## TO DO
From the first line to the last, give the material again exactly, without the images.
# # # # #
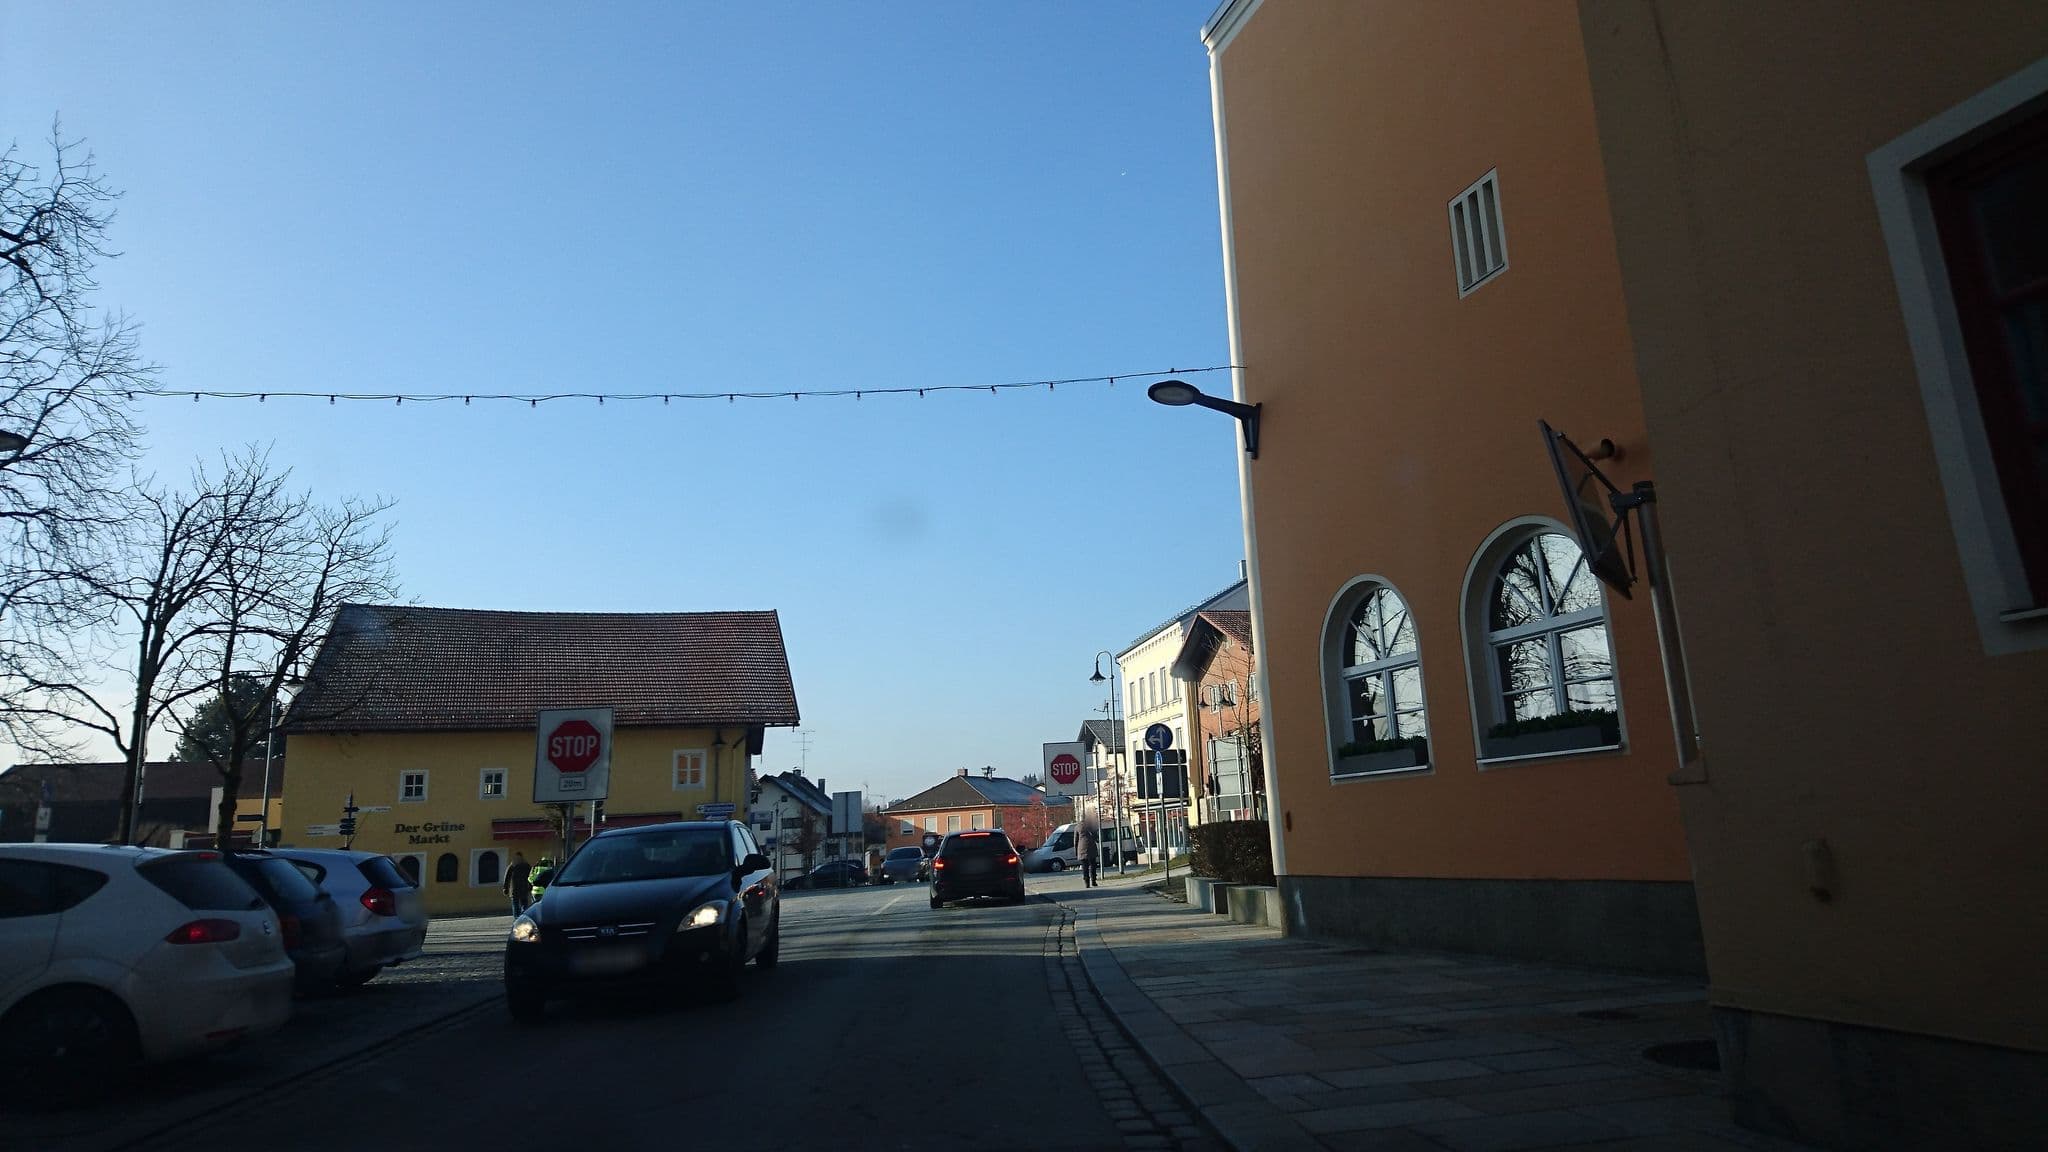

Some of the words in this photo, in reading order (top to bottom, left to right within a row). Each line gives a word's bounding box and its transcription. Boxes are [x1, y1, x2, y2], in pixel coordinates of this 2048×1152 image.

[551, 736, 597, 758] STOP
[1053, 763, 1079, 776] STOP
[395, 823, 420, 834] Der
[423, 821, 465, 832] Grüne
[409, 834, 450, 844] Markt
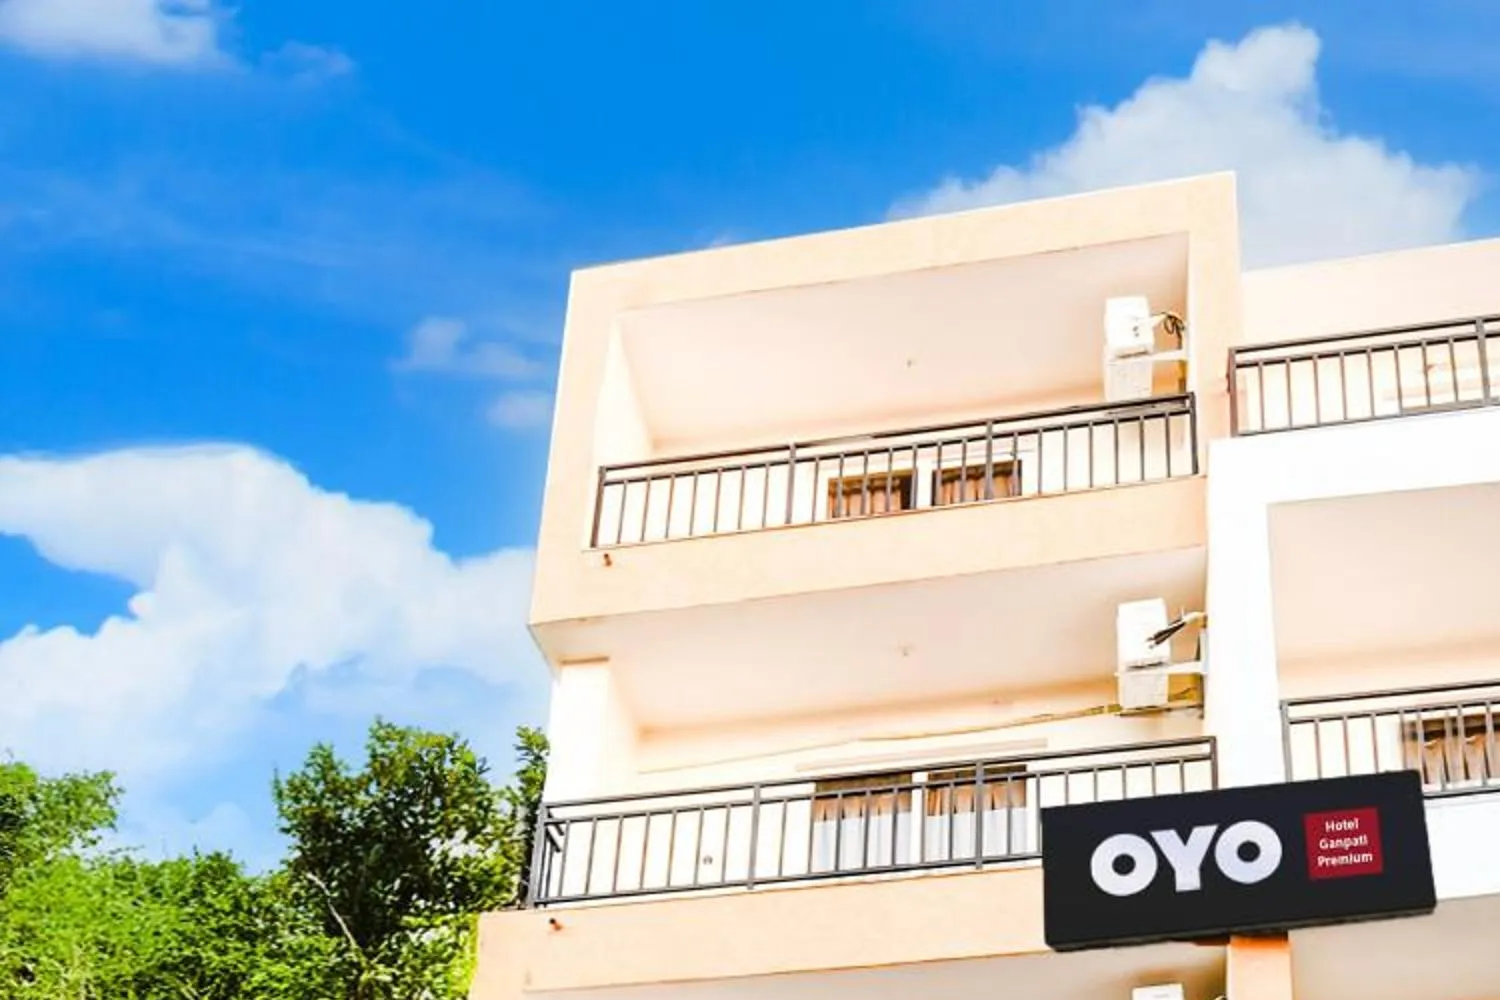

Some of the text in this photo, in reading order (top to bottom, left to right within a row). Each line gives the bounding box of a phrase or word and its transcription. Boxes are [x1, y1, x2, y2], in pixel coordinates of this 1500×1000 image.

[1325, 817, 1359, 832] Hotel
[1319, 834, 1369, 850] Ganpati
[1090, 820, 1282, 896] OYO
[1317, 851, 1373, 867] Premium
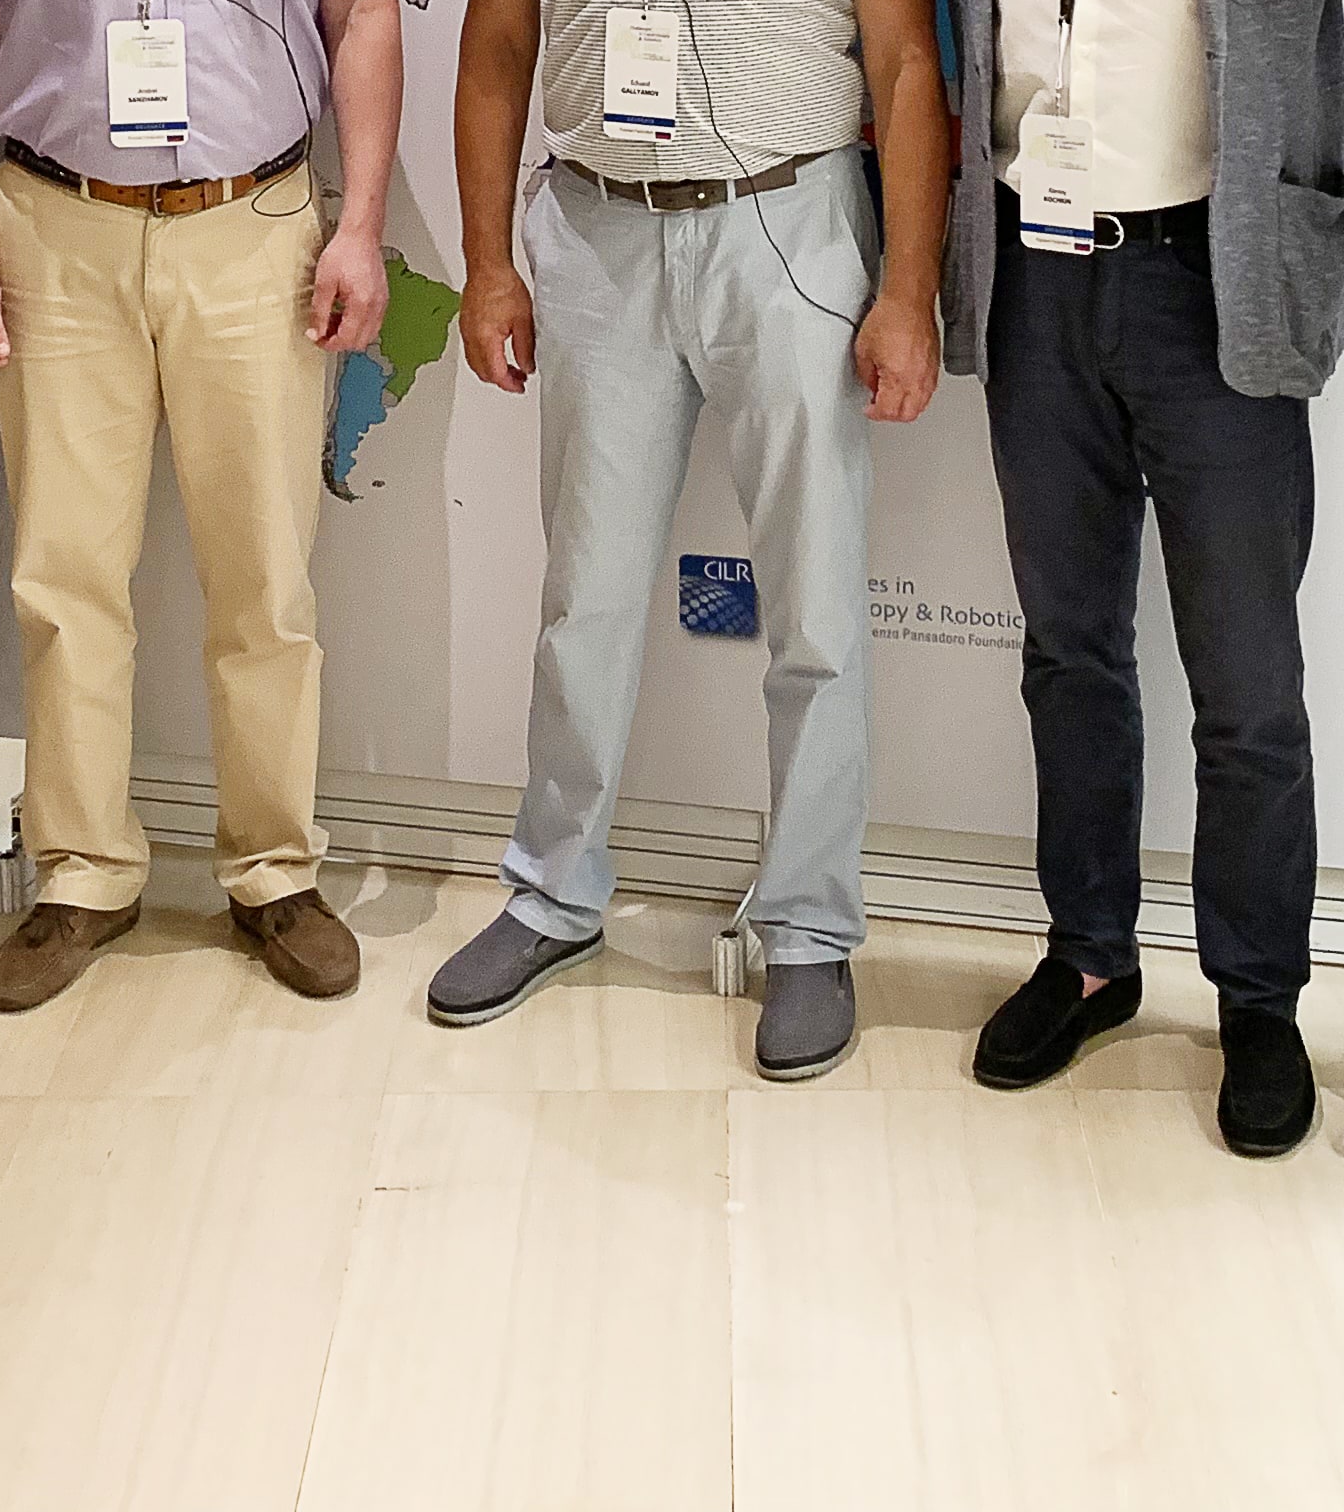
# # # # #
## SOLUTION TO THE EXERCISE
Some of the words in this photo, in reading order (top to bottom, left to right within a row). Each line gives a word's bounding box and its transcription. Boxes are [x1, y1, x2, y2], in pixel coordinates of this 2048×1152 image.

[551, 736, 597, 758] STOP
[1053, 763, 1079, 776] STOP
[395, 823, 420, 834] Der
[423, 821, 465, 832] Grüne
[409, 834, 450, 844] Markt

Some of the text in this photo, in reading order (top to bottom, left to right within a row). Each line gives the bounding box of a phrase or word and its transcription. Boxes are [x1, y1, x2, y2], in pixel coordinates of this 1500×1000 image.

[1325, 817, 1359, 832] Hotel
[1319, 834, 1369, 850] Ganpati
[1090, 820, 1282, 896] OYO
[1317, 851, 1373, 867] Premium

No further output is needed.